_Work instructions_
Below are records to be copied exactly; their pictures are to be omitted.

Dataset entries:
- Opening Delimiter -
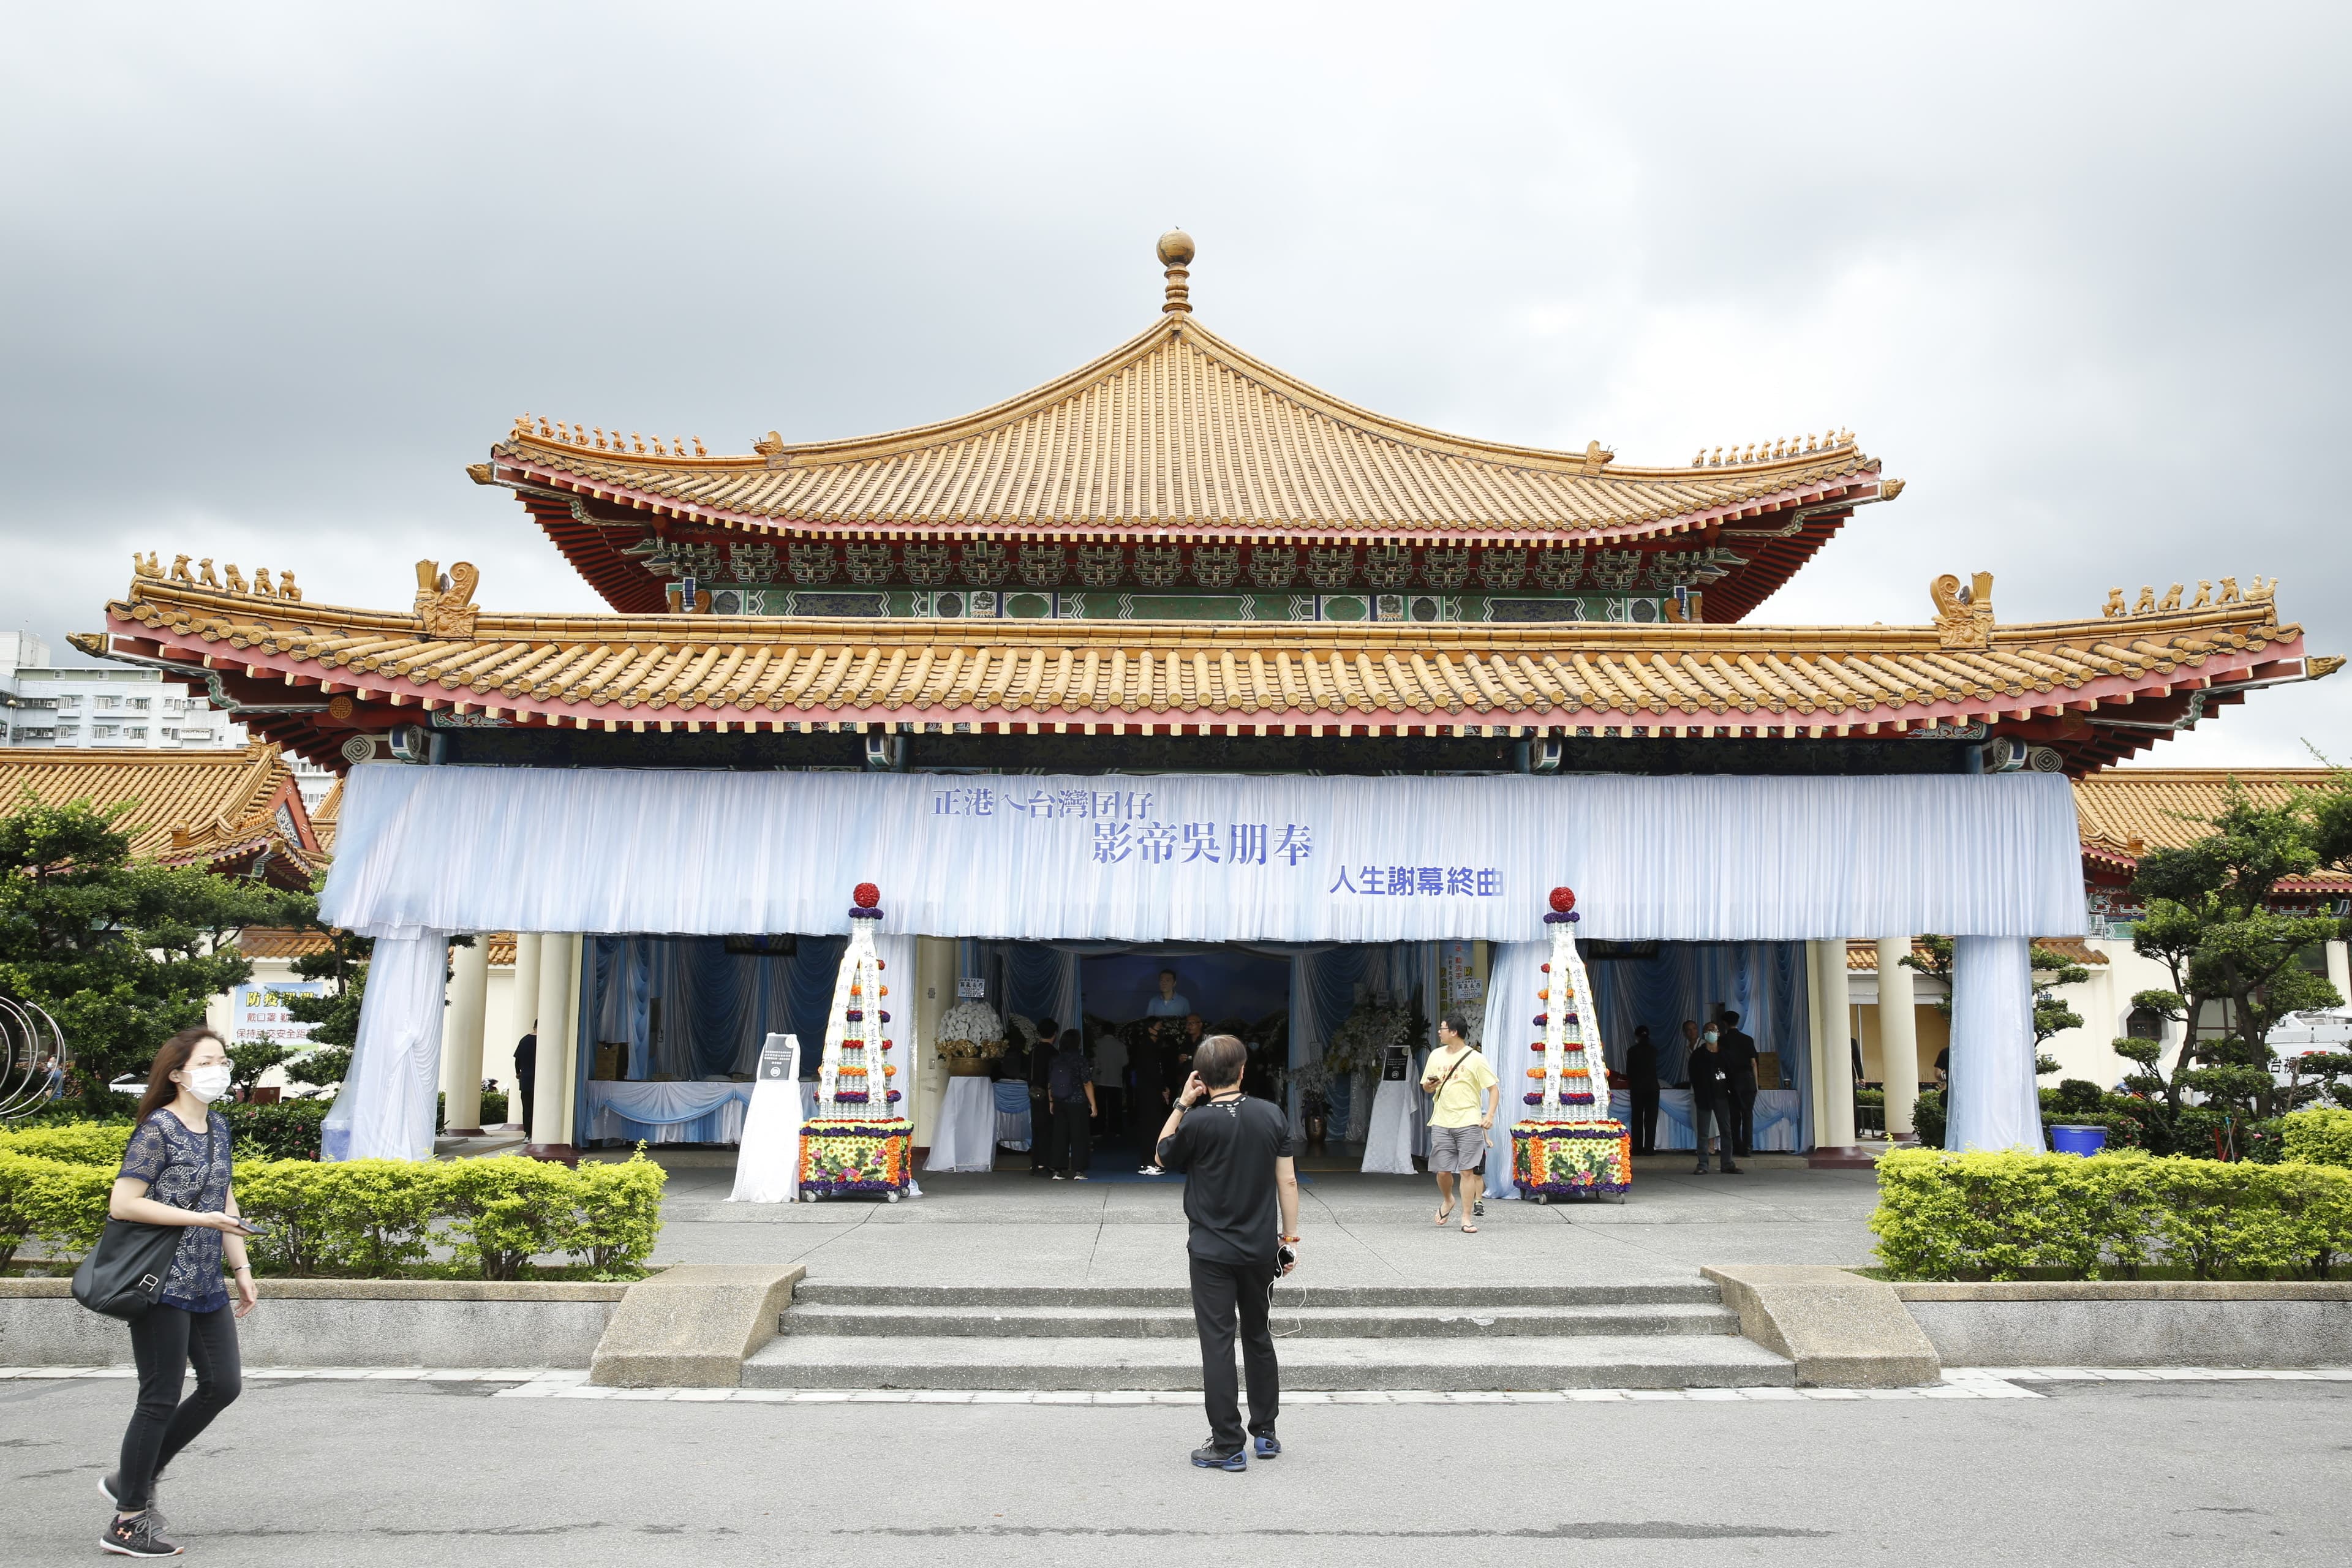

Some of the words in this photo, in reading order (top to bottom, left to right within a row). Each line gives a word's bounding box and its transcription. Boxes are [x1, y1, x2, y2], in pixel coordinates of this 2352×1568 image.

[1091, 821, 1314, 867] 影帝吳朋奉
[1329, 865, 1504, 897] 人生謝幕終曲
[247, 1012, 276, 1022] 戴口罩
[236, 1028, 312, 1039] 保持社交安全距
- Closing Delimiter -
_Task solution_
Some of the words in this photo, in reading order (top to bottom, left to right within a row). Each line gives a word's bounding box and its transcription. Boxes are [x1, y1, x2, y2], in pixel coordinates of this 2352×1568 image.

[1091, 821, 1314, 867] 影帝吳朋奉
[1329, 865, 1504, 897] 人生謝幕終曲
[247, 1012, 276, 1022] 戴口罩
[236, 1028, 312, 1039] 保持社交安全距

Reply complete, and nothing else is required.